IF 2.6 3区 医学 Q2 Medicine Pub Date : 2024-01-17 eCollection Date: 2023-12-01 DOI: 10.1093/sexmed/qfad068
Guang-Peng Xi, Ruo-Xuan Yang, Jing Zhang, Yue-Mei Ma, Xiao-Yan Zhong

Introduction: Postorgasmic illness syndrome (POIS) is rare and includes a cluster of physical and cognitive symptoms that occur after ejaculation. The pathogenesis and effective treatments remain unclear.

Aim: This study aimed to characterize the symptomatology of POIS, study the allergic response of autologous semen in patients and controls, and evaluate the effects of desensitization therapy.

Methods: The clinical characteristics of 24 Chinese patients with POIS were analyzed. Skin prick tests, intracutaneous tests, and specific IgE detection were performed with autologous semen. Five patients were desensitized via subcutaneous injections of autologous semen.

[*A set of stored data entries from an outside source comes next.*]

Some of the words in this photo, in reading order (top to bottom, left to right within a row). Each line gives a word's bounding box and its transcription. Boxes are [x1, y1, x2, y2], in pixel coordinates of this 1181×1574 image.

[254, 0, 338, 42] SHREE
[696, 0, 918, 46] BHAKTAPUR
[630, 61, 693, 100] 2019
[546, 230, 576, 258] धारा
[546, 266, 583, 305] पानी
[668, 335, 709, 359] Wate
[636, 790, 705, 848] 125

Outcomes: Evaluated outcomes included the clinical features of POIS; scores of the Self-rating Anxiety Scale (SAS), Self-rating Depression Scale (SDS), and visual analog scale (VAS) of symptoms; skin reactions; desensitization with diluted autologous seminal fluid; and the IgE reactivity patterns of immunoblotting and enzyme-linked immunosorbent assay in vitro.

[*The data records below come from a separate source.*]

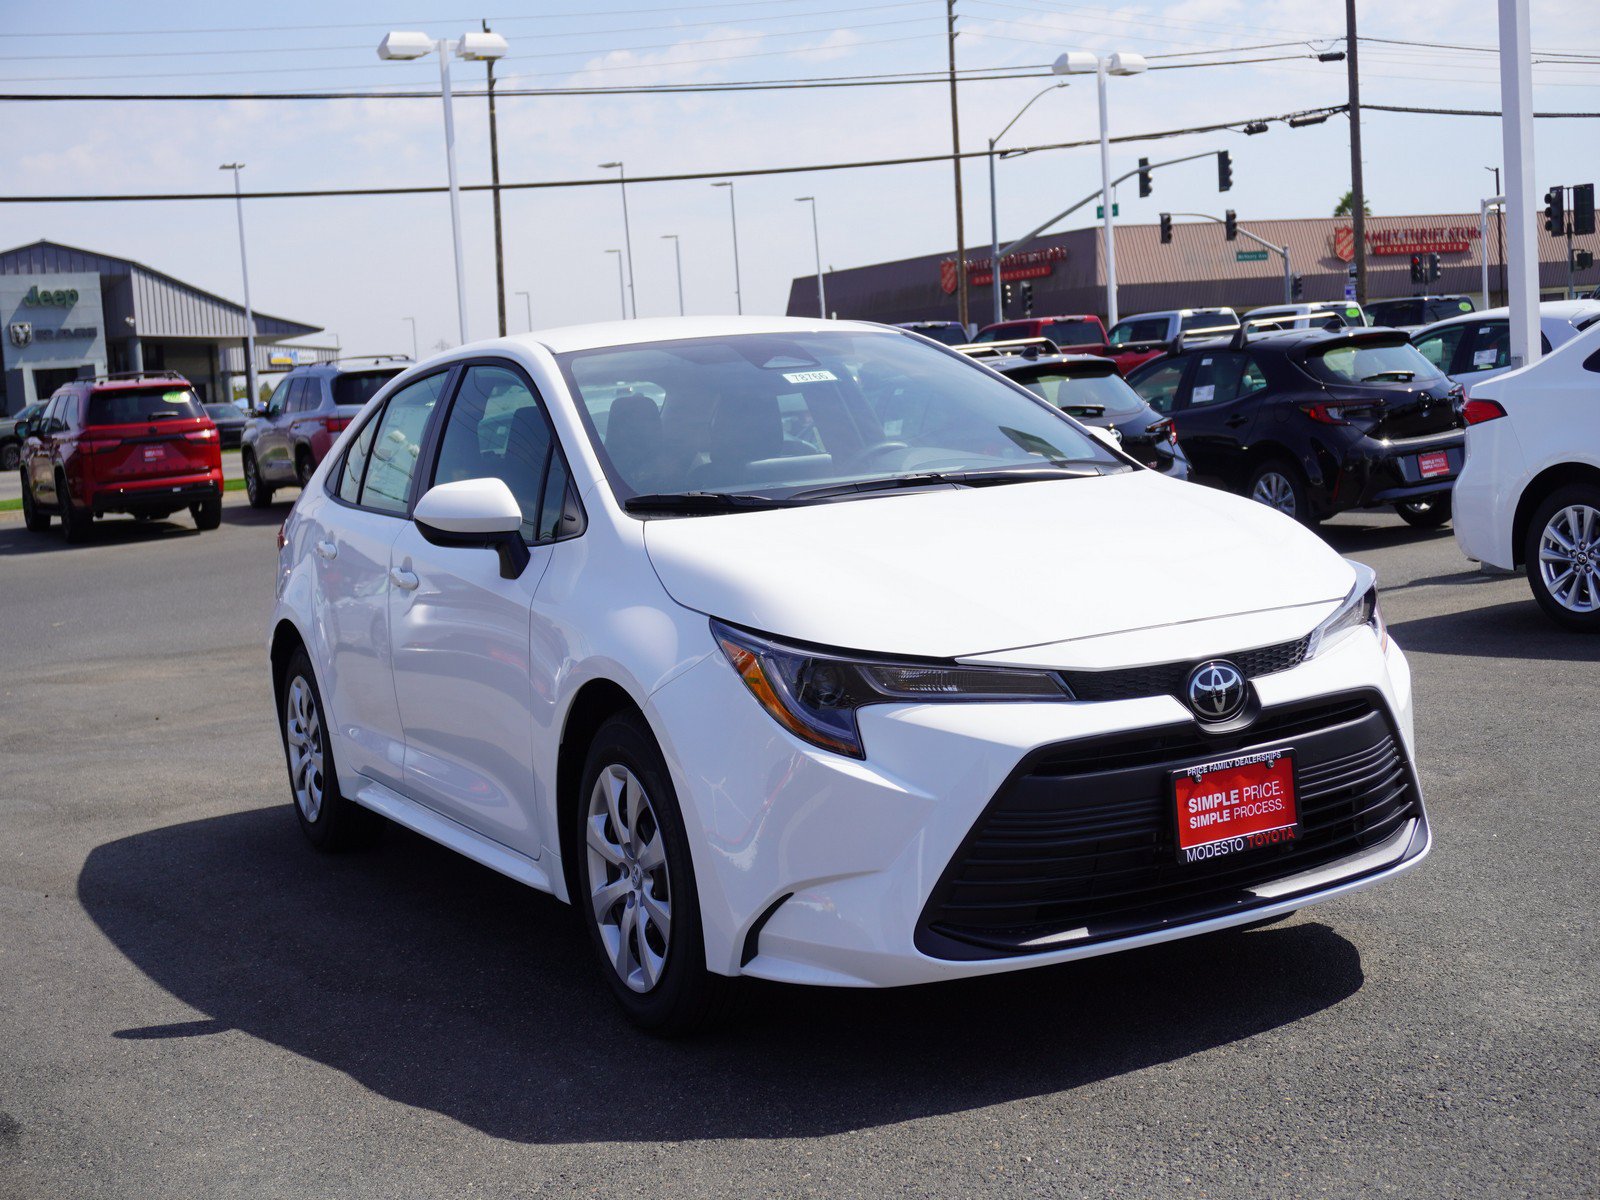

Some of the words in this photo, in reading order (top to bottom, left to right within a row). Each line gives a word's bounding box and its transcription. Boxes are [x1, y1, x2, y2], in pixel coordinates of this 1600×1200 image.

[1364, 229, 1400, 244] AMILY
[1403, 227, 1446, 242] THRIFT
[1380, 244, 1427, 253] DONATION
[1429, 243, 1464, 251] CENTER
[23, 285, 79, 308] Jeep
[791, 372, 829, 381] 78766
[1187, 766, 1208, 777] PRICE
[1209, 760, 1235, 772] FAMILY
[1235, 751, 1282, 767] DEALERSHIPS
[1188, 789, 1239, 814] SIMPLE
[1243, 780, 1284, 802] PRICE.
[1189, 809, 1231, 829] SIMPLE
[1233, 798, 1285, 820] PROCESS.
[1186, 837, 1244, 863] MODESTO
[1247, 827, 1295, 849] TOYOTA

Results: The most common symptom cluster was the general cluster, and the most prevalent symptoms were extreme fatigue and inattention. A total of 66.67% (14/21) of the patients had no symptoms or milder symptoms after nocturnal emission than after intercourse or masturbation. Of the patients, 87.5% (21/24) had psychiatric symptoms and 53.85% (7/13) had abnormal sex hormone levels. The SAS and SDS scores of the high and low VAS groups were significantly higher than those of the control group. Pearson analysis showed that the correlation coefficient between the SAS and VAS was 0.607 (P < .01) and that between the SDS and VAS was 0.490 (P < .05). The patients and healthy donors all had positive intracutaneous test results with their own semen, negative skin prick test results, and no IgE specific to autologous semen. Most patients (4/5) did not achieve ideal therapeutic effects with desensitization.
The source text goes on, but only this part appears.